Shinichi setzte sich neben seine Frau auf den Boden, legte den Arm um ihre Schultern und drückte sie fest an sich. Diese Geste der Liebe und das Wissen, dass Shinichi jetzt, wo sie ihn brauchte, auch für sie da war, liessen sie wieder ruhiger werden, und nach einigen Minuten konnte sie wieder sprechen, ohne zu schluchzen.

"Ran?"

"Wie weit sind sie mit dem Schneemann?", fragte sie, und Shinichi schaute kurz nach.

"Sie sind gerade am Kopf dran", antwortete er und wusste, dass Ran das nur gefragt hatte, um zu erfahren, wie viel Zeit ihr noch blieb, bevor Eri wieder ins Haus kam und sie tränenüberströmt sehen würde. "Ran?", wiederholte er dann. Der Detektiv hatte inzwischen eine Vermutung, weswegen seine Frau in Tränen ausgebrochen war.

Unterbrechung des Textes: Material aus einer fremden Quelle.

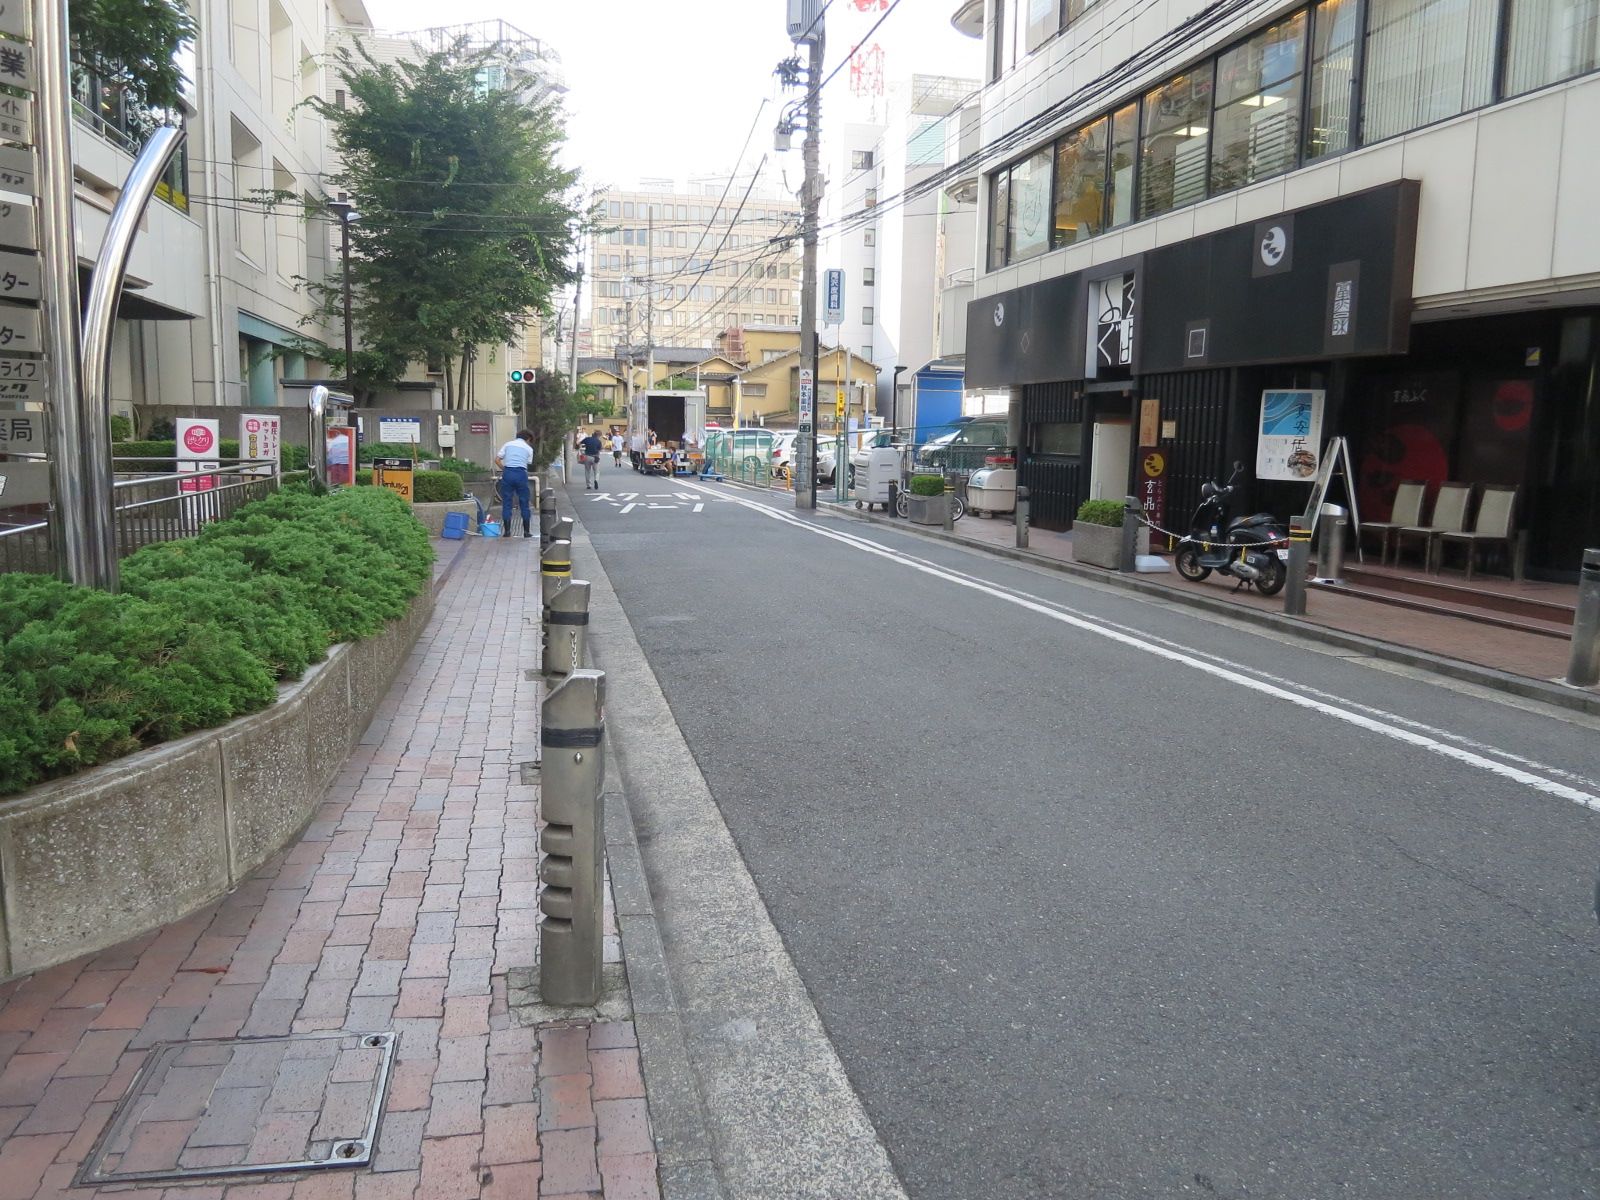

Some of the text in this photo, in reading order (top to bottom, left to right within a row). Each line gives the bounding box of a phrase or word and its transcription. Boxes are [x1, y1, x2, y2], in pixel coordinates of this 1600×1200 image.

[582, 492, 702, 502] スクール
[608, 502, 705, 514] ゾーン
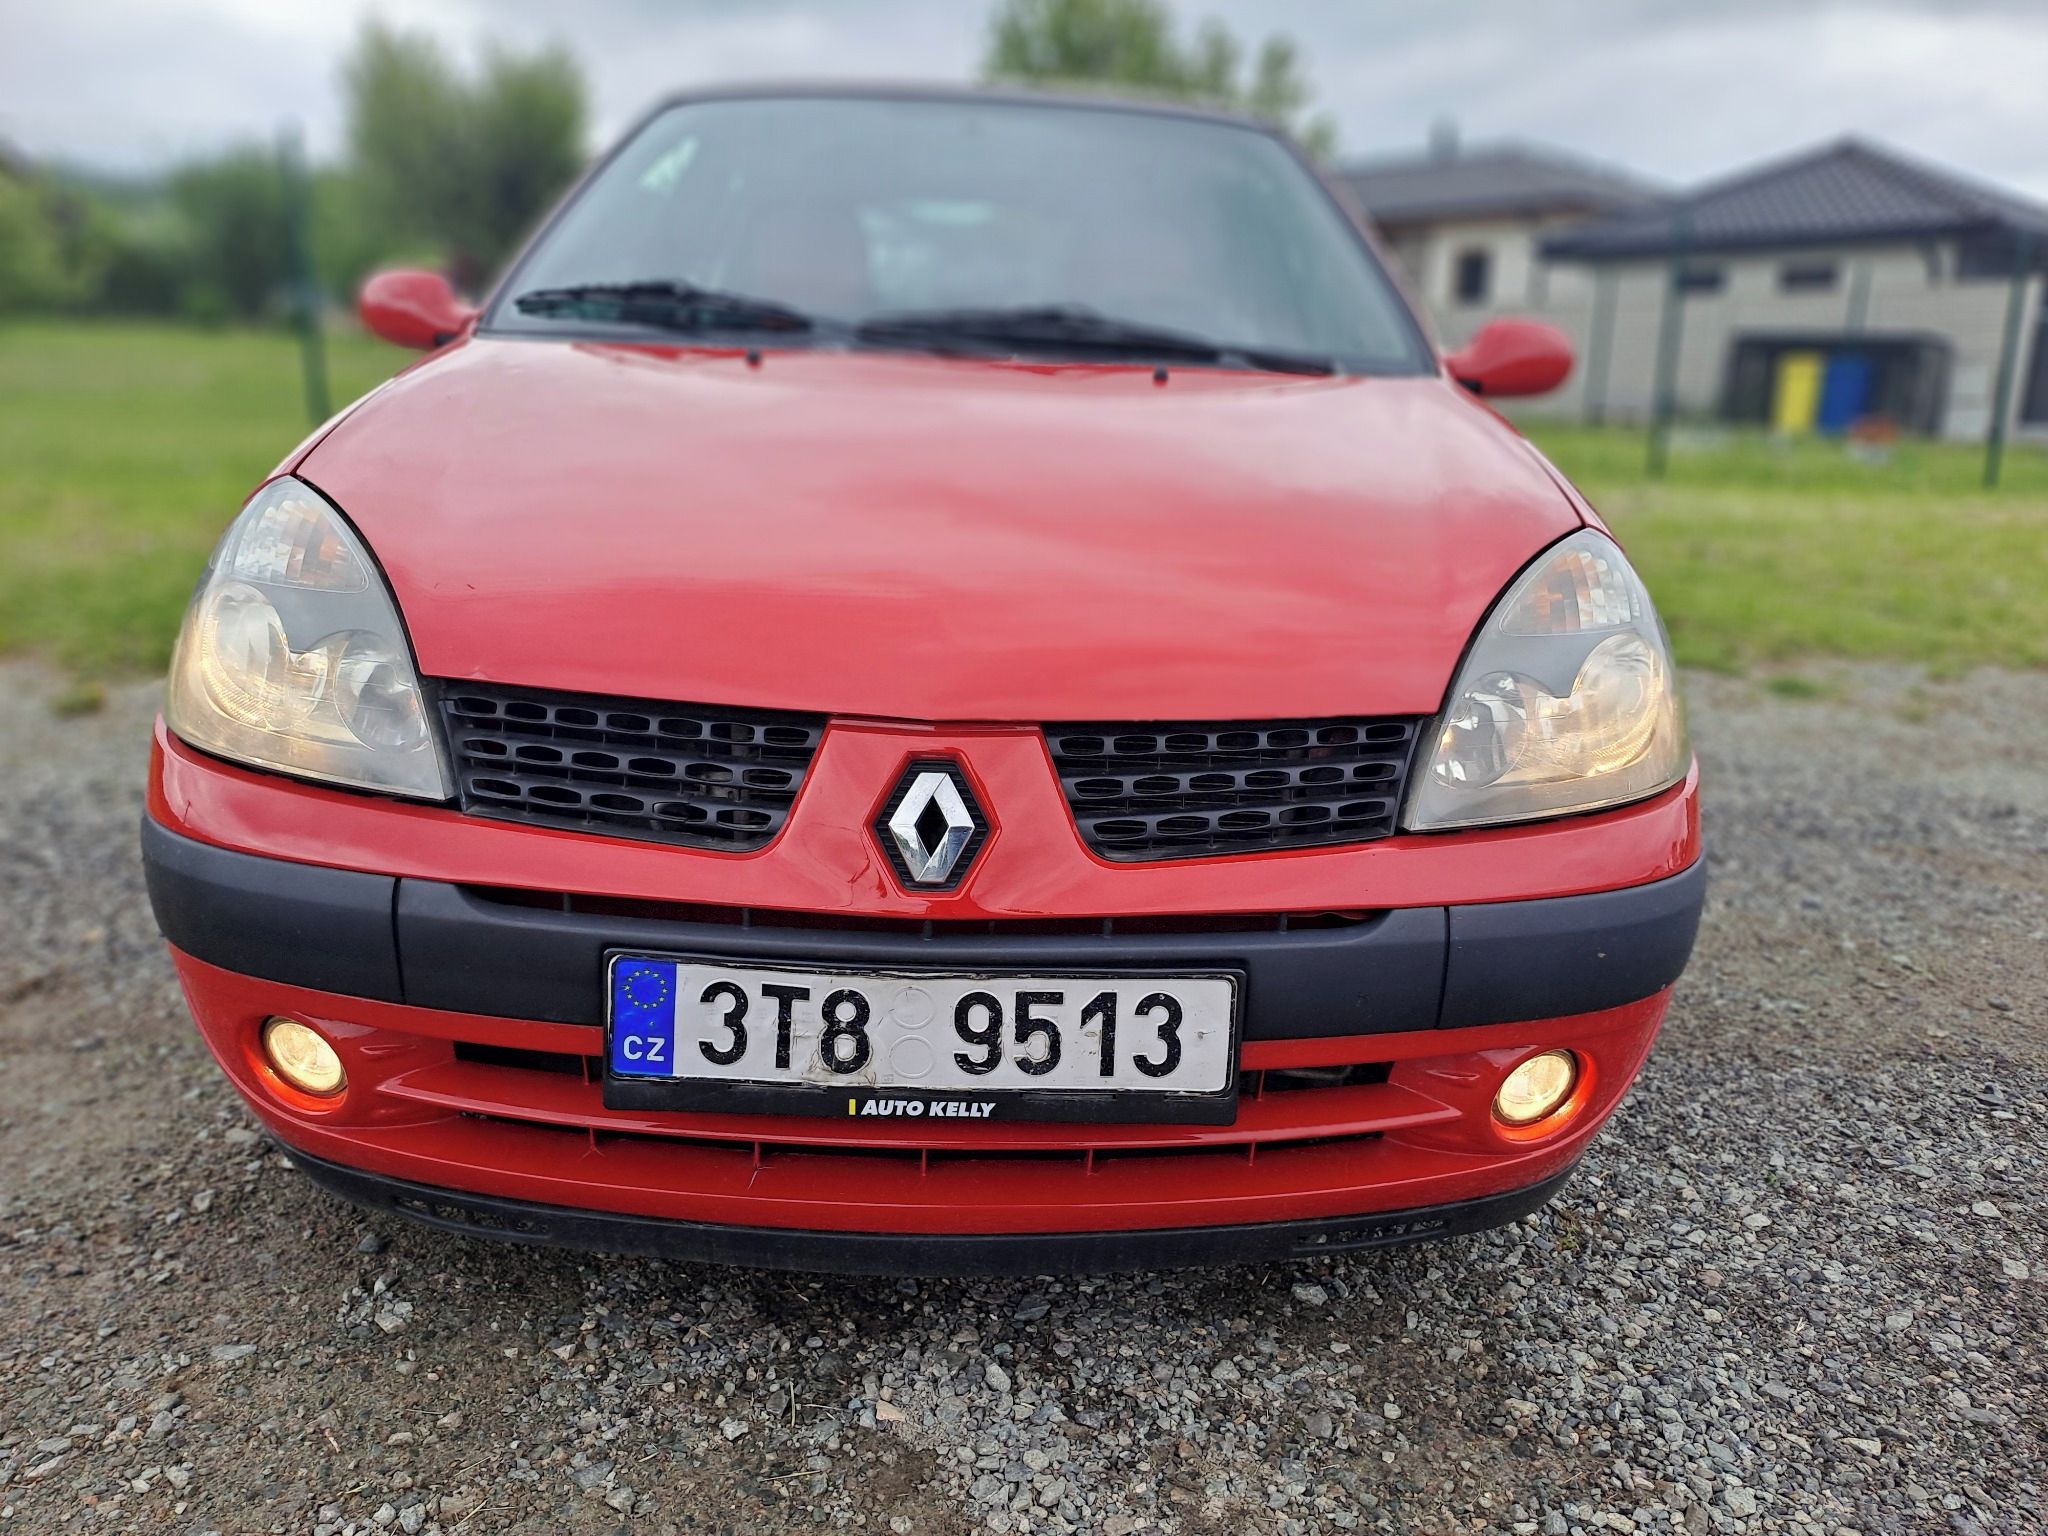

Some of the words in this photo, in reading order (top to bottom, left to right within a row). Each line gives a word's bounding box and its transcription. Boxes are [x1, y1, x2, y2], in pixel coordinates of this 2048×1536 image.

[698, 980, 872, 1075] 3T8
[952, 990, 1184, 1077] 9513
[622, 1034, 665, 1062] CZ
[861, 1100, 924, 1116] AUTO
[929, 1102, 996, 1117] KELLY
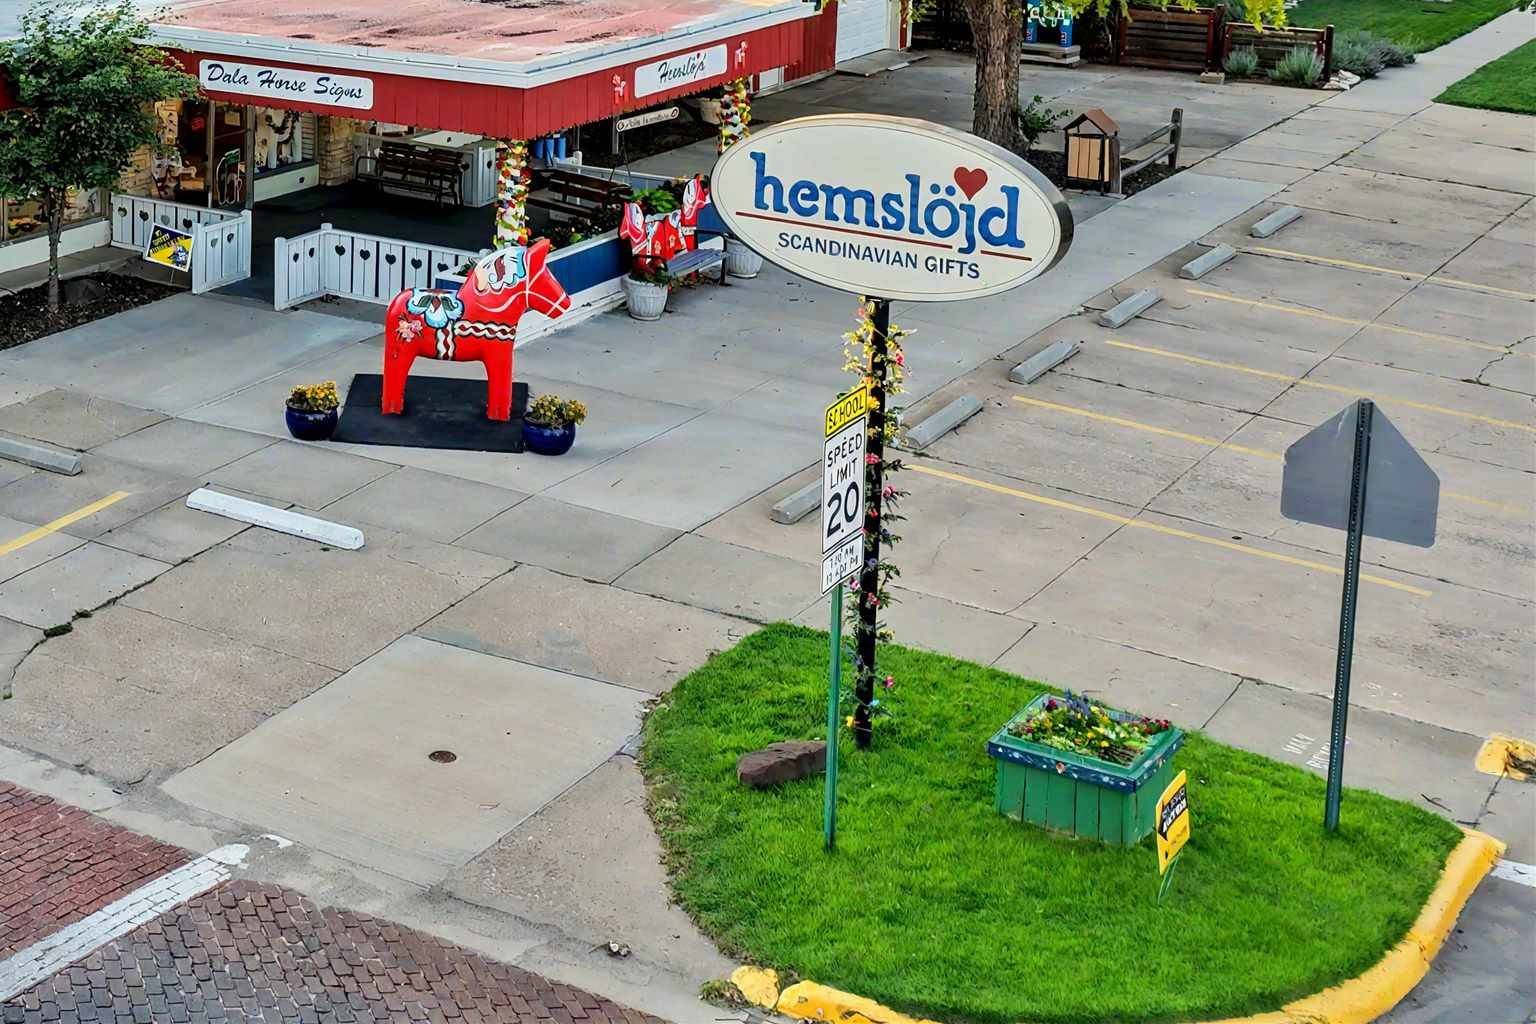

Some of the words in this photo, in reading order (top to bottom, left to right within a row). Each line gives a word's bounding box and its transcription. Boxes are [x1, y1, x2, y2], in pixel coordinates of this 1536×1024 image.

"Es ist wegen Paps", sagte Ran endlich und bestätigte Shinichis Vermutung. Er stöhnte innerlich auf, doch er liess sich nichts anmerken. Er wollte, dass seine Frau nichts davon bemerkte und weitersprach.

"Was ist mit ihm?"

"Er fehlt mir", sagte Ran leise, doch das überzeugte Shinichi nicht.

"Und was ist der Hauptgrund?"


Ran sah ihn an und fragte sich, woher er das schon wieder wusste. Doch eigentlich durfte sie sich nicht wundern, schliesslich war ihr Mann Detektiv, und er brachte als solcher viel Geld nach Hause, also durfte sie nichts sagen.

Nach dieser kurzen gedanklichen Abschweifung kam sie zum eigentlichen Thema zurück.

"Die Kinder haben ihren Grossvater noch nie wirklich getroffen", sagte sie dann, was aber eigentlich nicht ganz der Wahrheit entsprach. Shinichi wusste das, und seine Gedanken reisten vier Jahre in die Vergangenheit zurück.

Damals, als die Zwillinge geboren wurden, hatte Kogoro Ran im Krankenhaus besucht, weil er sich vergewissern wollte, dass es seiner Tochter gutging. Neben ihr im Kinderbettchen lagen der erst wenige Stunden alte Shinichi Jr. und seine Schwester Reika und schliefen seelenruhig. Kogoro hatte den kleinen Jungen nur kurz angeschaut, aber da er ihn an Shinichi erinnerte, beliess der Erwachsene es bei einem kurzen Blick. An Reika blieb er länger haften, aber auch nicht zu lange, obwohl das Mädchen Rans Aussehen geerbt hatte.

Aber durch das Wissen, das Shinichi der Vater der beiden war, konnte er die beiden Kinder nicht als seine Enkel akzeptieren. An jenem Tag hatte Kogoro den Kontakt zur Familie abgebrochen und seine Drohung somit wahrgemacht.

Ran war das damals nur recht gewesen, denn mit Kogoros Verhalten, seinen Lügen, die er immer über Shinichi erzählt hatte und den Versuchen, ihren Ehemann als Verbrecher dastehen zu lassen, konnte sie nicht mehr leben.